前回の秋山郷への日帰りツーリングに行って以来、アームズマガジンの仕事があまりにも立て込んでいて、毎日自宅と仕事場を往復するのみ。なので今回は、今年の1月31日に箱根へ日帰りツーリングに行った際の様子でお許しいただきたいと思う。本当に申し訳ないです。

今回の日帰りツーリングの目的地は、東京から程近い日本有数の温泉地、箱根。今まで箱根は、子供の頃に小田急線沿線に住んでいたこともあり、家族や学校の行事などで何回か行っているのだが、温泉は数回しか入っていない。意外と近場の未踏の地だったのだ。この日は天気もよかったので、その前日に買ったばかりのカシオのGショックデジカメを携えてちょっと行ってみることにしたのだ。
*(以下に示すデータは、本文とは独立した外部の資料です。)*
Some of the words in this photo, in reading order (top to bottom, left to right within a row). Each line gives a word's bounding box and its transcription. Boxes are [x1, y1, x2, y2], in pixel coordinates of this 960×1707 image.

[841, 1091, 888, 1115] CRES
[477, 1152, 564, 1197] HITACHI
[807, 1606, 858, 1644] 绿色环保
自宅から環八に進み、東名高速から小田原厚木道路(いわゆる“おだあつ”)を久しぶりに通って1時間半ほどで箱根湯本に到着。気温もそれほど低くなく、まさにツーリングには絶好のコンディション。雲ひとつない晴天で、富士山がくっきり見えた。

ルートは、毎年恒例の箱根駅伝の雰囲気を味わいつつ、国道1号線から御殿場方面に抜ける国道139号線に進み、仙石原の手間にある宮城野温泉をスタートして、箱根方面に下りながら、その途中にある温泉に入っていこうというものだ。

箱根は日本でも屈指の温泉地なのだが、意外にも私の好きな共同浴場が少なく、かつ日帰り温泉施設(もしくはホテルや旅館の日帰り入浴サービス)の入湯料が高い(おおむね1000円以上はする)。つまり宿泊客に優しく、日帰り客に厳しいところなのだ。そんな状況の中で、結局入湯した温泉は5湯だ。いずれも1000円以内で入れるところを選んだ

まず最初に訪れたのは宮城野温泉の「宮城野温泉会館」。到着したのは午前9時45分。営業開始時間は午前10時からなので、しばし辺りを走って午前10時を待った。午前10時過ぎに行ってみると、すでに先客が入っていて、一番風呂ではなかった。入湯料は650円。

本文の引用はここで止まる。